▸ **What you will do**
Each record below is to be retyped exactly, with its pictures omitted.

--

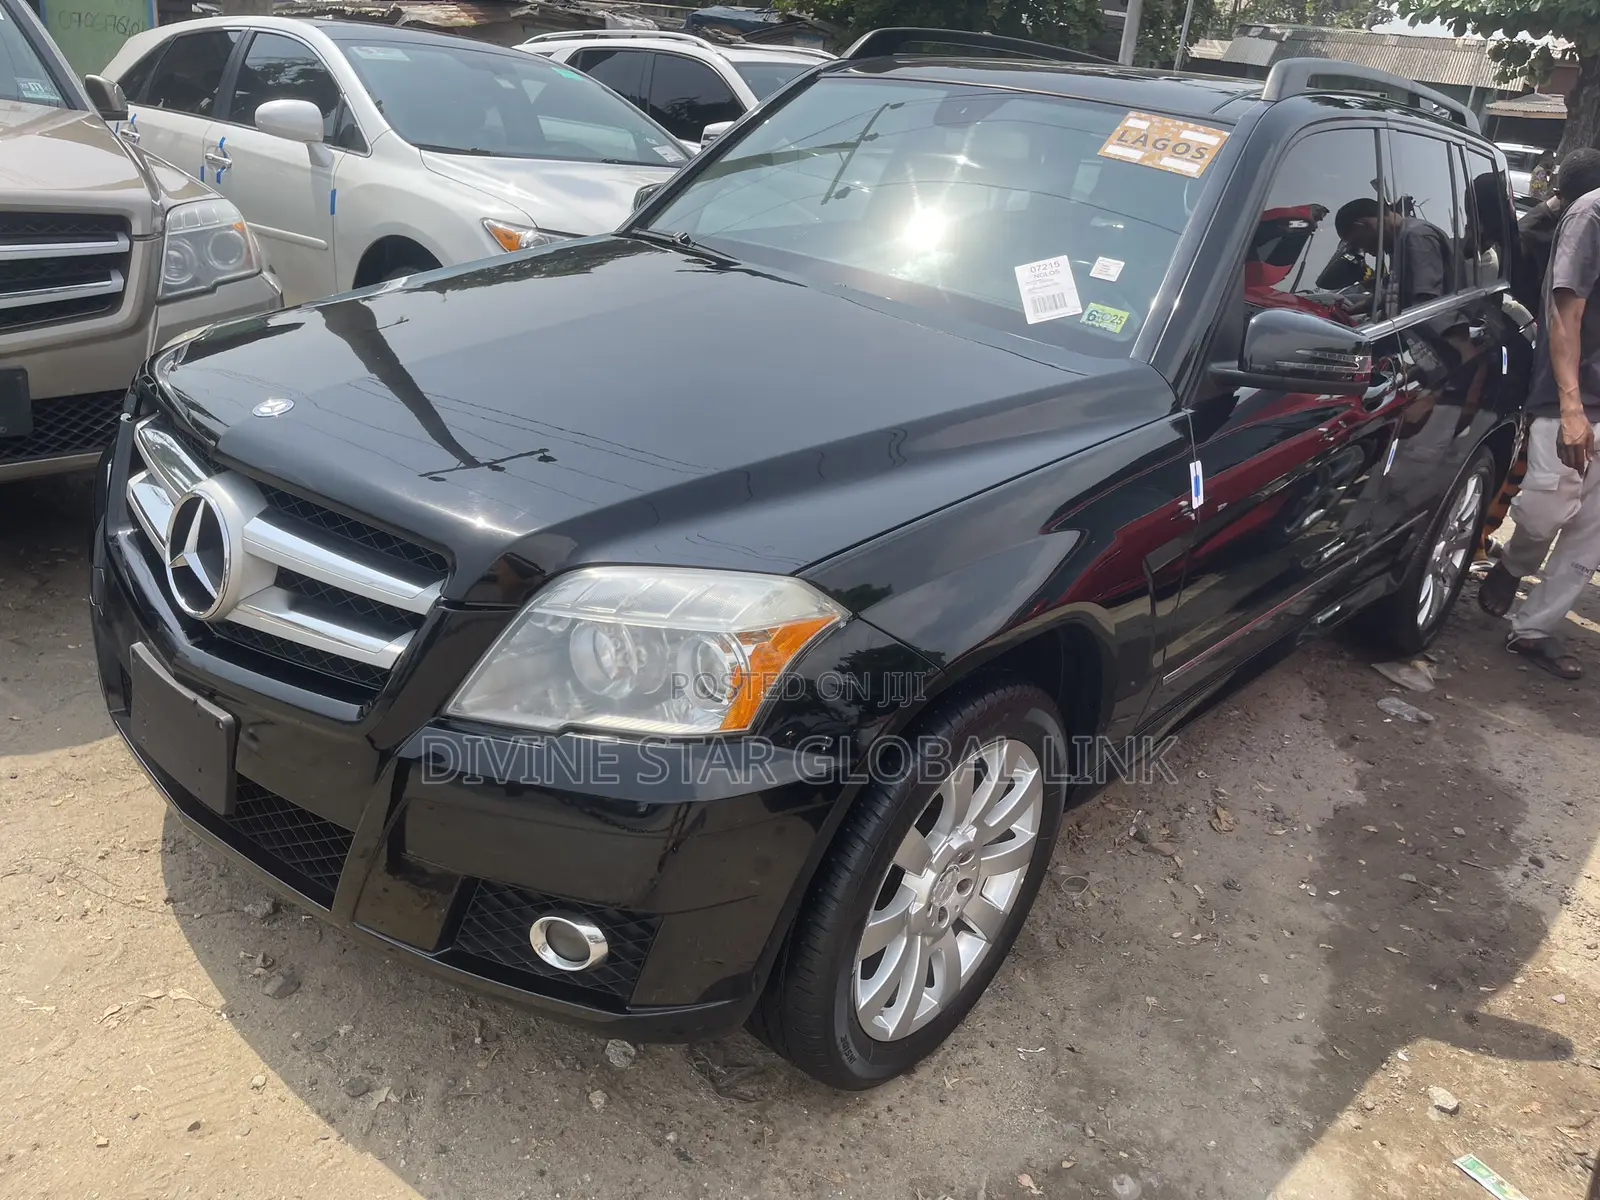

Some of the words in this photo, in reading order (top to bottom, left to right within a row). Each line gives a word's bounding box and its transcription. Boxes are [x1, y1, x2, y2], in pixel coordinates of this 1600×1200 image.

[1116, 129, 1209, 160] LAGOS
[1030, 261, 1060, 273] 07215
[1087, 309, 1099, 322] 6
[1110, 314, 1125, 325] 25
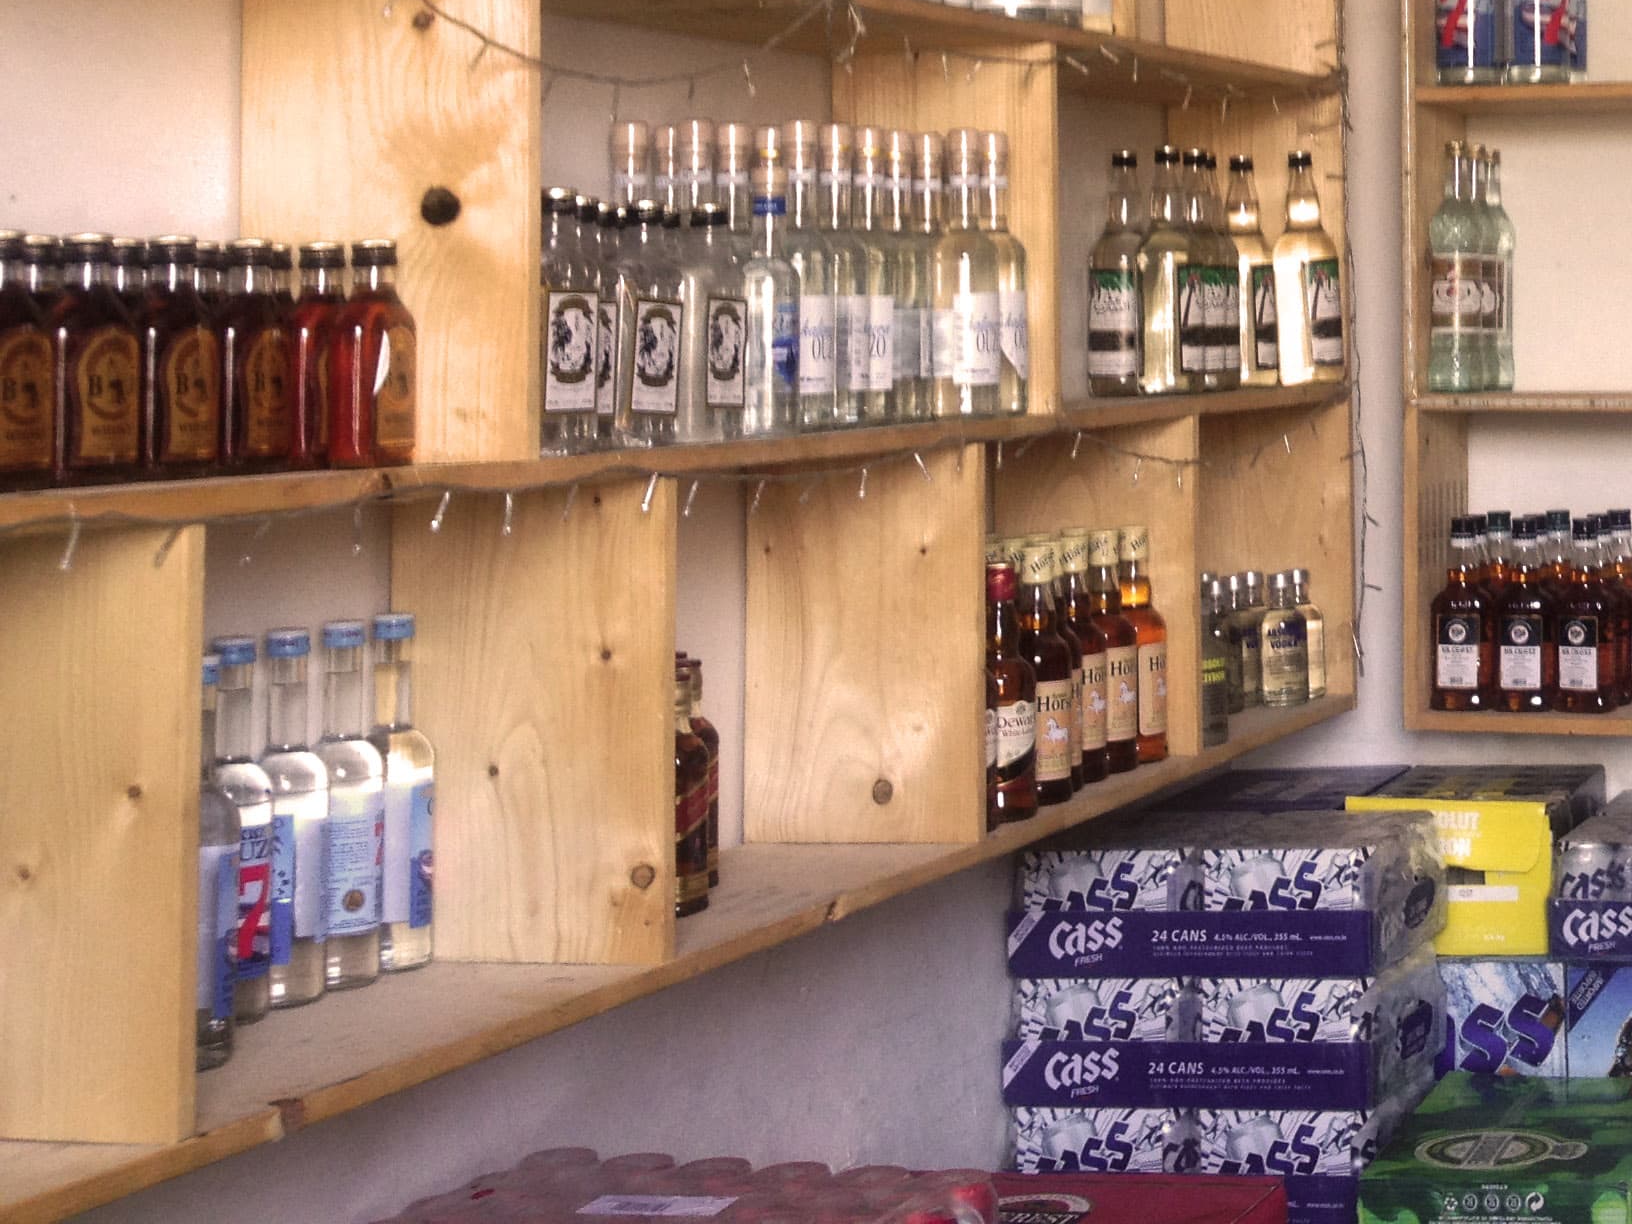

--

▸ **Completed task**
Some of the words in this photo, in reading order (top to bottom, left to right within a row). Each line gives a word's bounding box and its transcription. Boxes are [x1, y1, x2, y2], in pixel coordinates of this 1600×1200 image.

[1116, 129, 1209, 160] LAGOS
[1030, 261, 1060, 273] 07215
[1087, 309, 1099, 322] 6
[1110, 314, 1125, 325] 25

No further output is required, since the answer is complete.